We can set annot = True
in sns.heatmap()
to get the numbers visible in the plot. Also, there are some other arguments that we can specify to get the heatmap in desirable format.
[10]:
plt.figure(figsize = (25, 3))
ax = sns.heatmap(data_pivot.fillna(0), annot = True, fmt = ",.0f", linewidths=.5, cmap = 'OrRd')

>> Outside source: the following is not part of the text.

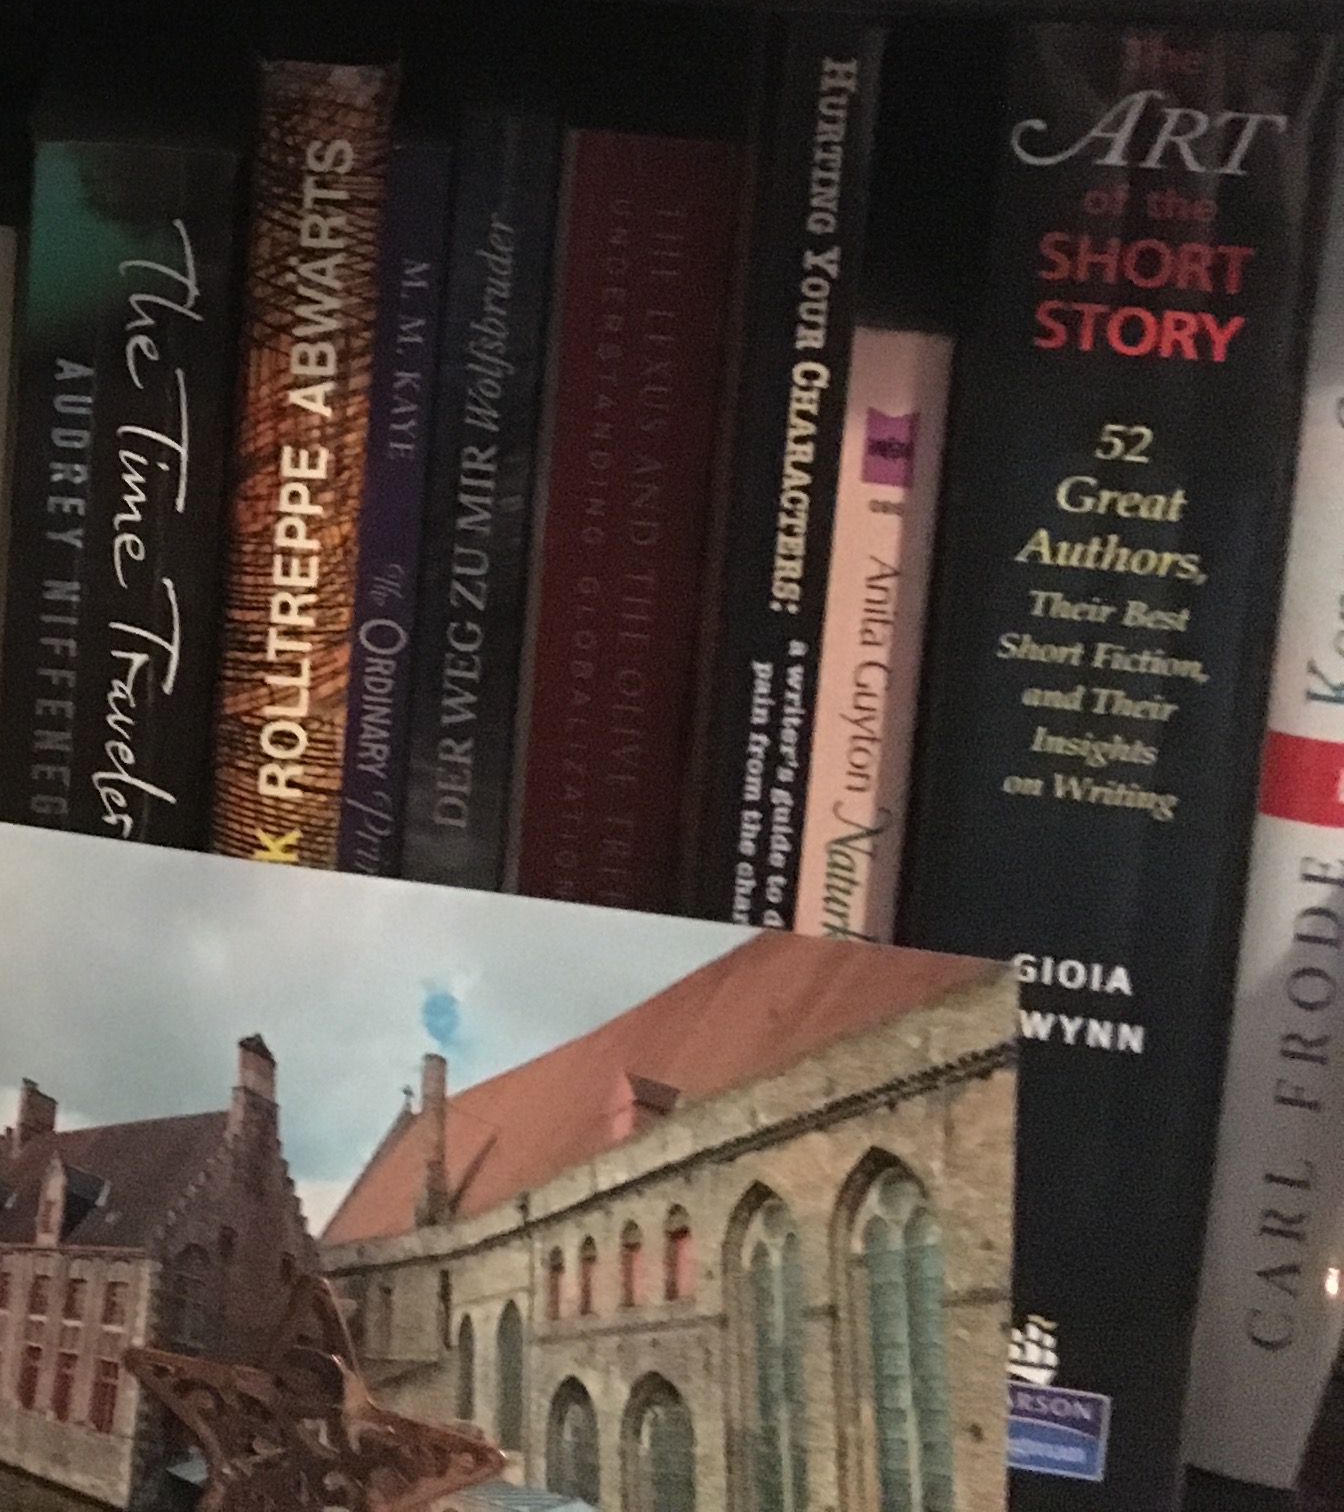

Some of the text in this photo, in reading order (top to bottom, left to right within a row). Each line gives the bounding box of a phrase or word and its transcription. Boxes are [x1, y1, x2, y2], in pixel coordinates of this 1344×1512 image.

From the heatmap that we just created, we can easily find answers looking at the numbers as well as color map.
For households with 2 automobiles, 6 is the most common number of trips per day, although 4 trips is a close runner-up.
For households making only 2 trips in a day, the vast majority of them have 1 automobile.